_Aim of the task_.
Without the pictures, restate all of the data below word for word.
****
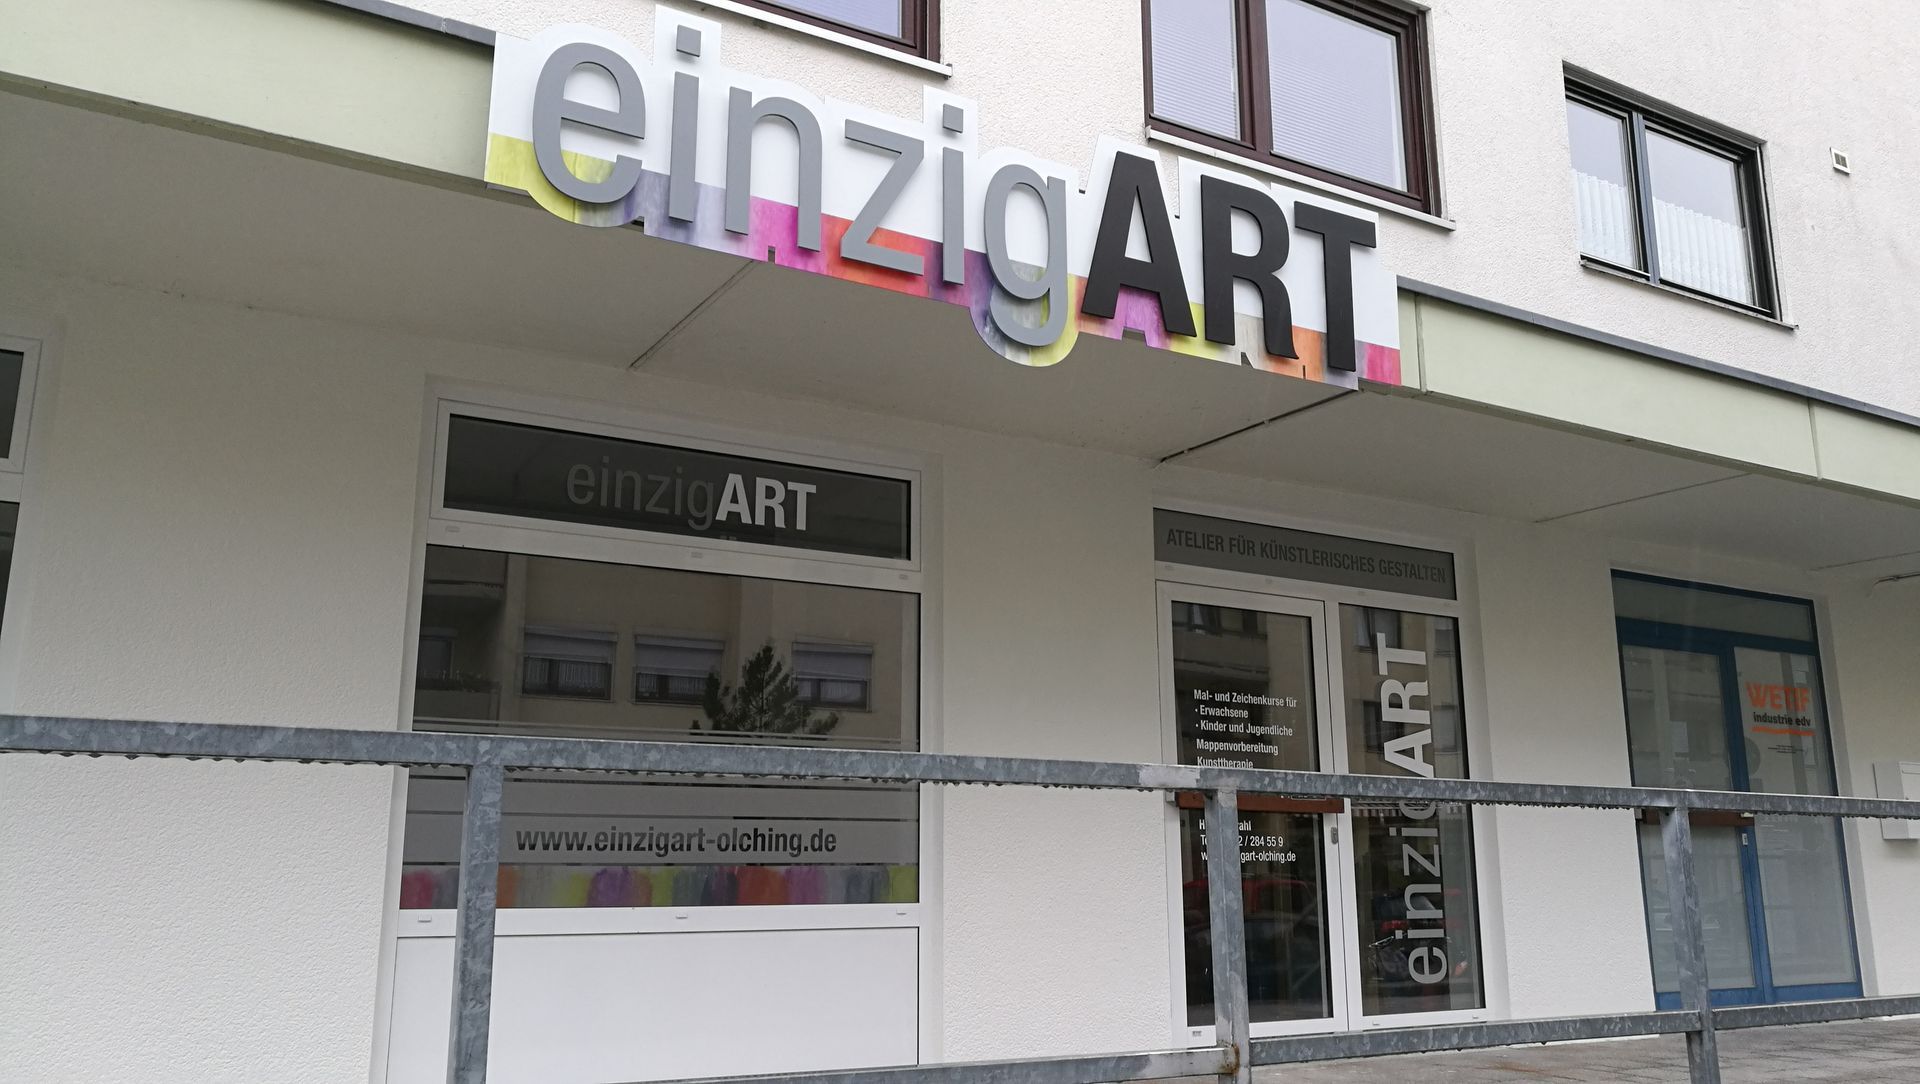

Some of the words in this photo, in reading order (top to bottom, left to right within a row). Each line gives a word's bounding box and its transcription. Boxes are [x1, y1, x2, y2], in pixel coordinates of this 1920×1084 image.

[531, 25, 1377, 373] einzigART
[566, 455, 817, 531] einzigART
[1166, 528, 1225, 552] ATELIER
[1229, 532, 1256, 557] FÜR
[1261, 538, 1375, 573] KÜNSTLERISCHES
[1379, 559, 1447, 584] GESTALTEN
[1194, 689, 1213, 700] Mal-
[1214, 691, 1230, 702] und
[1232, 692, 1284, 706] Zeichenkurse
[1286, 697, 1297, 708] für
[1200, 704, 1249, 718] Erwachsene
[1753, 712, 1793, 725] industrie
[1795, 716, 1811, 727] edv
[1200, 720, 1227, 732] Kinder
[1229, 723, 1244, 733] und
[1246, 723, 1293, 736] Jugendliche
[1196, 738, 1279, 756] Mappenvorbereitung
[516, 826, 837, 858] www.einzigart-olching.de
[1250, 836, 1265, 847] 284
[1266, 836, 1277, 847] 55
[1278, 836, 1284, 847] 9
****
_Expected output_.
Some of the words in this photo, in reading order (top to bottom, left to right within a row). Each line gives a word's bounding box and its transcription. Boxes are [x1, y1, x2, y2], in pixel coordinates of this 1920×1084 image.

[531, 25, 1377, 373] einzigART
[566, 455, 817, 531] einzigART
[1166, 528, 1225, 552] ATELIER
[1229, 532, 1256, 557] FÜR
[1261, 538, 1375, 573] KÜNSTLERISCHES
[1379, 559, 1447, 584] GESTALTEN
[1194, 689, 1213, 700] Mal-
[1214, 691, 1230, 702] und
[1232, 692, 1284, 706] Zeichenkurse
[1286, 697, 1297, 708] für
[1200, 704, 1249, 718] Erwachsene
[1753, 712, 1793, 725] industrie
[1795, 716, 1811, 727] edv
[1200, 720, 1227, 732] Kinder
[1229, 723, 1244, 733] und
[1246, 723, 1293, 736] Jugendliche
[1196, 738, 1279, 756] Mappenvorbereitung
[516, 826, 837, 858] www.einzigart-olching.de
[1250, 836, 1265, 847] 284
[1266, 836, 1277, 847] 55
[1278, 836, 1284, 847] 9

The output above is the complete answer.